Commenting on Kissling and Michelman's article, for example, Joe Scheidler, head of the hard-right, Illinois-based Pro-Life Action League--known for its physical and verbal harassment of women outside clinics--gloated, "[I]t is a healthy sign that the proud pro-choicers, who had society eating out of their hands only a few years ago, are now desperately seeking common ground in an effort simply to survive."


INSTEAD OF rebuilding the fight for abortion rights along the lines of how it was won in the first place--through activism and a fighting women's movement--the mainstream women's movement has instead placed its hopes in the Democrats.

Such hopes are misplaced. Democratic presidents have a history of taking a lukewarm (or openly hostile) stance toward abortion rights. Jimmy Carter, for example, supported the Hyde Amendment, which cut government funding of abortions for poor women. Bill Clinton famously said that abortion should be "safe, legal and rare"--and stood by as access to abortion was gutted during his presidency.

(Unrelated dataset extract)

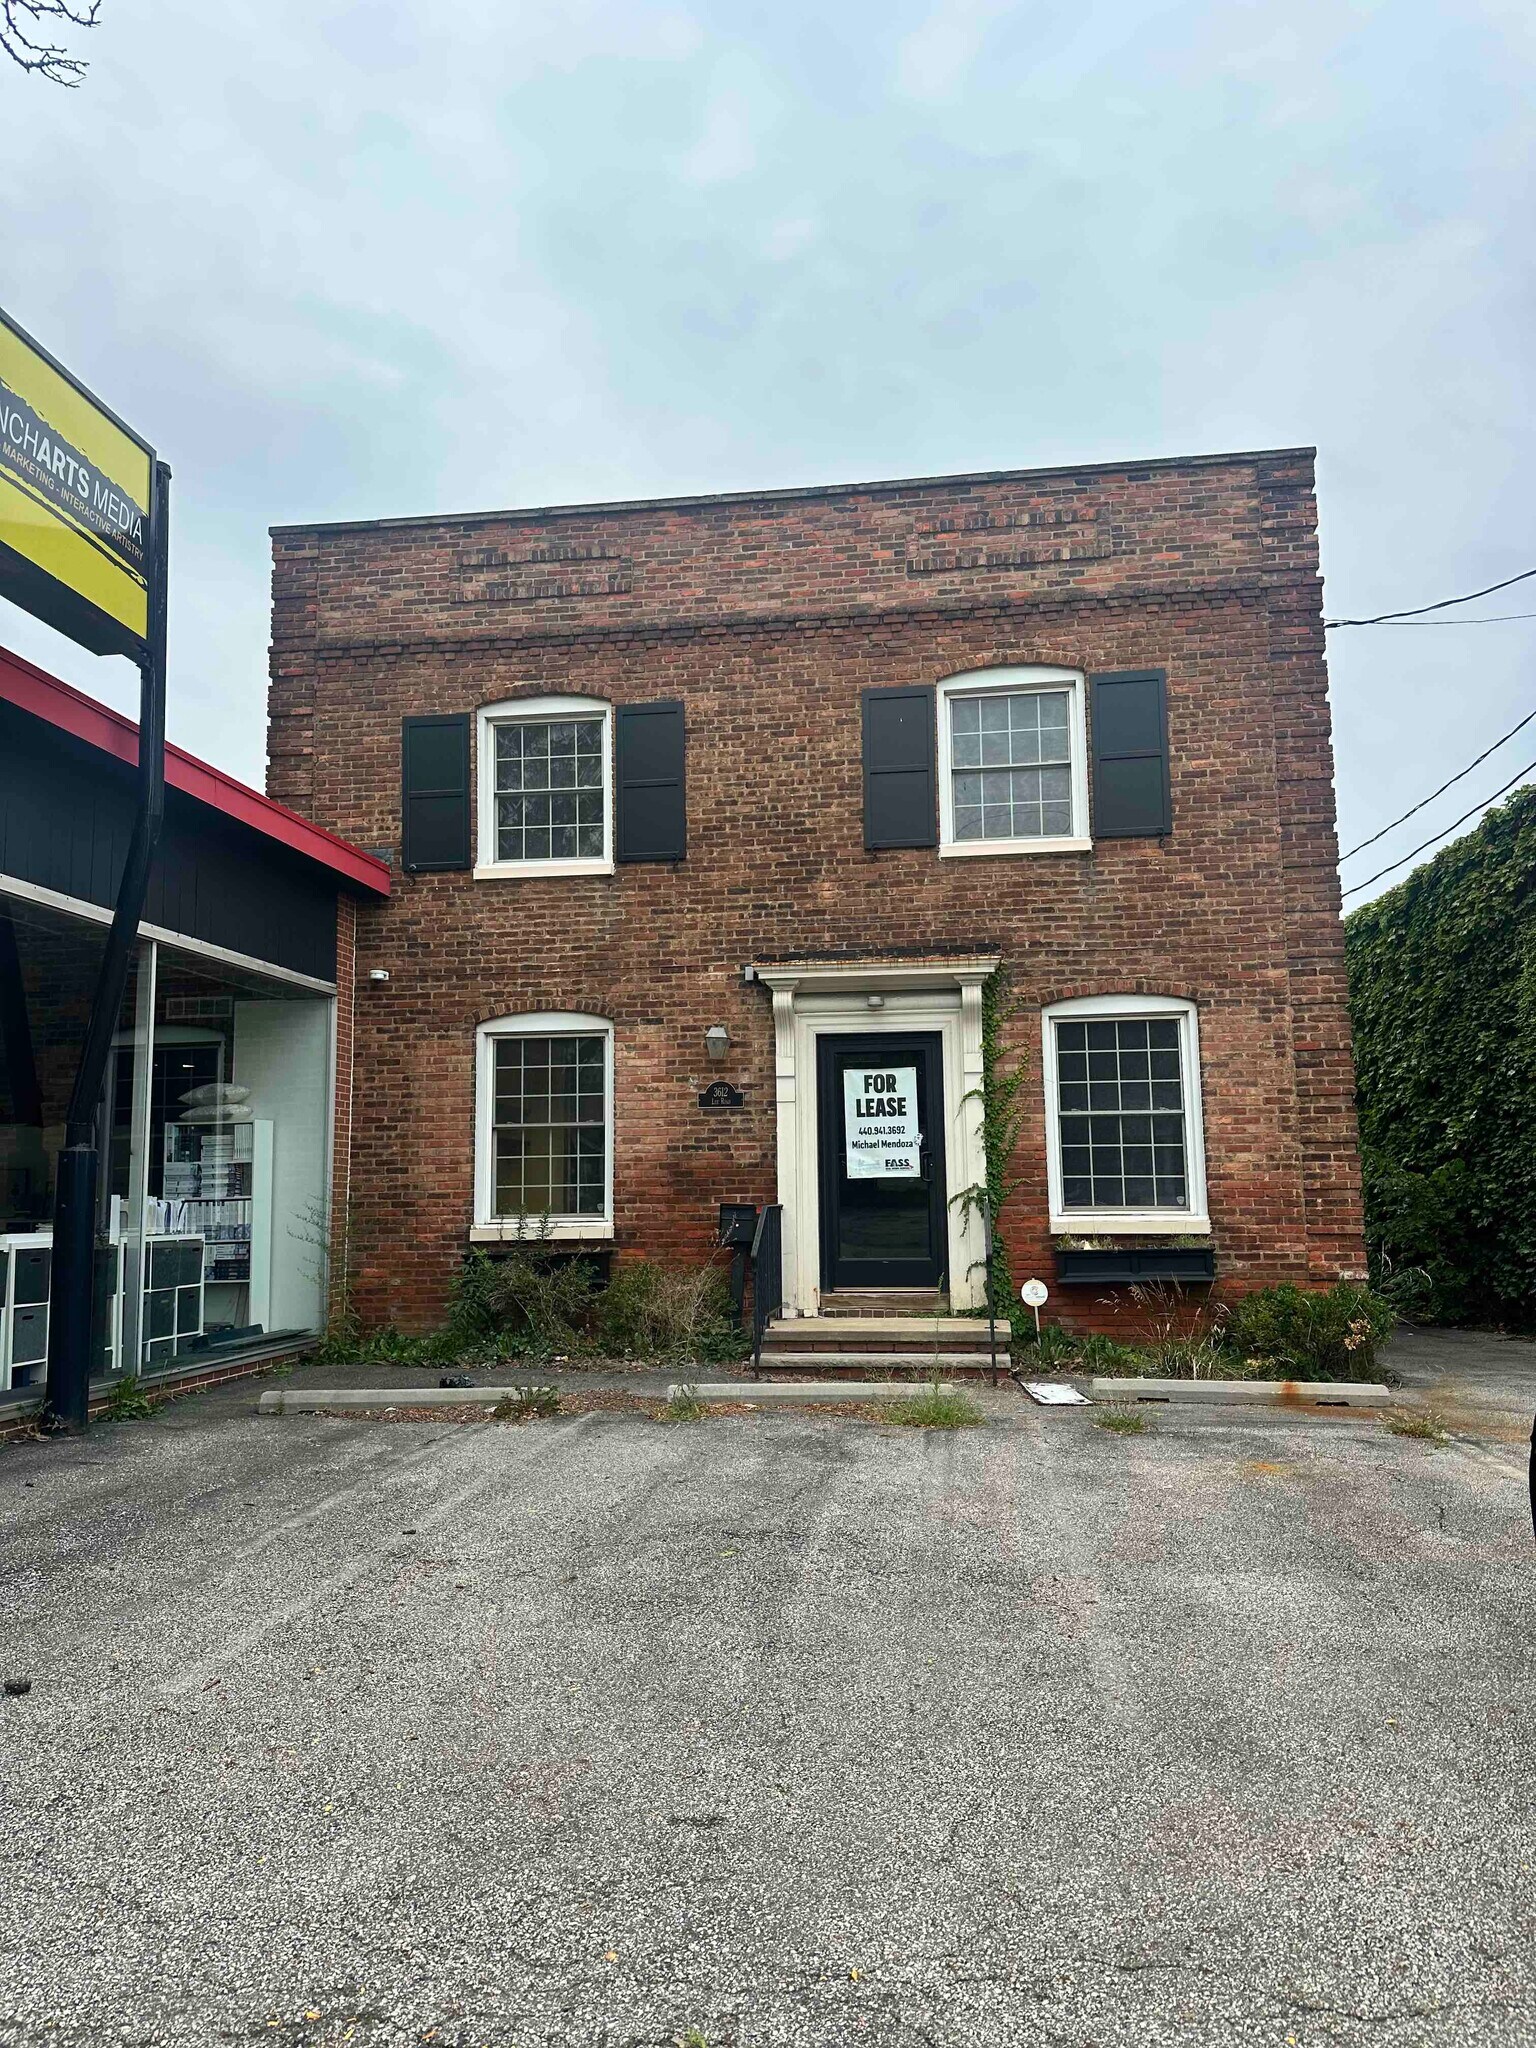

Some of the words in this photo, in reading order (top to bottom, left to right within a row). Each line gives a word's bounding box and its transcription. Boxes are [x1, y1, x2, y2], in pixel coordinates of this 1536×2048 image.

Between Barack Obama and Hillary Clinton, little is being said on the campaign trail about defending the right to choose abortion. But it's not hard to figure out that neither Clinton nor Obama is likely to blaze a trail forward in protecting abortion rights.

Clinton, whose candidacy has been endorsed by the National Organization for Women, used the anniversary of Roe v. Wade three years ago to declare abortion a "sad, even tragic, choice." Obama, meanwhile, has said little about abortion rights on the campaign trail beyond the standard pledge to appoint pro-choice Supreme Court justices.

Clinton did slam Obama's "present" vote--rather than a "no"--on several right-wing bills in the Illinois Senate dealing with restrictions on reproductive rights. But on at least one--the Born-Alive Infants Protection Act, which would have required legal protections for fetuses "born alive" during abortions--Clinton voted along with 97 other U.S. senators to support nearly identical legislation in Congress in 2001.

If the top Democratic contenders aren't saying anything much this year about protecting abortion rights, it's because liberal pro-choice organizations haven't really asked them to.

Despite the bleak picture, however, the possibility exists to build a real fight to win back abortion rights. As the LA Times pointed out, even in the face of the right-wing assault, a "substantial majority" of people in the U.S. want abortion to remain legal, and "millions of young people continue to choose abortion when faced with unplanned pregnancy."

This shows the potential to rebuild a movement that demands the right to abortion--without apology.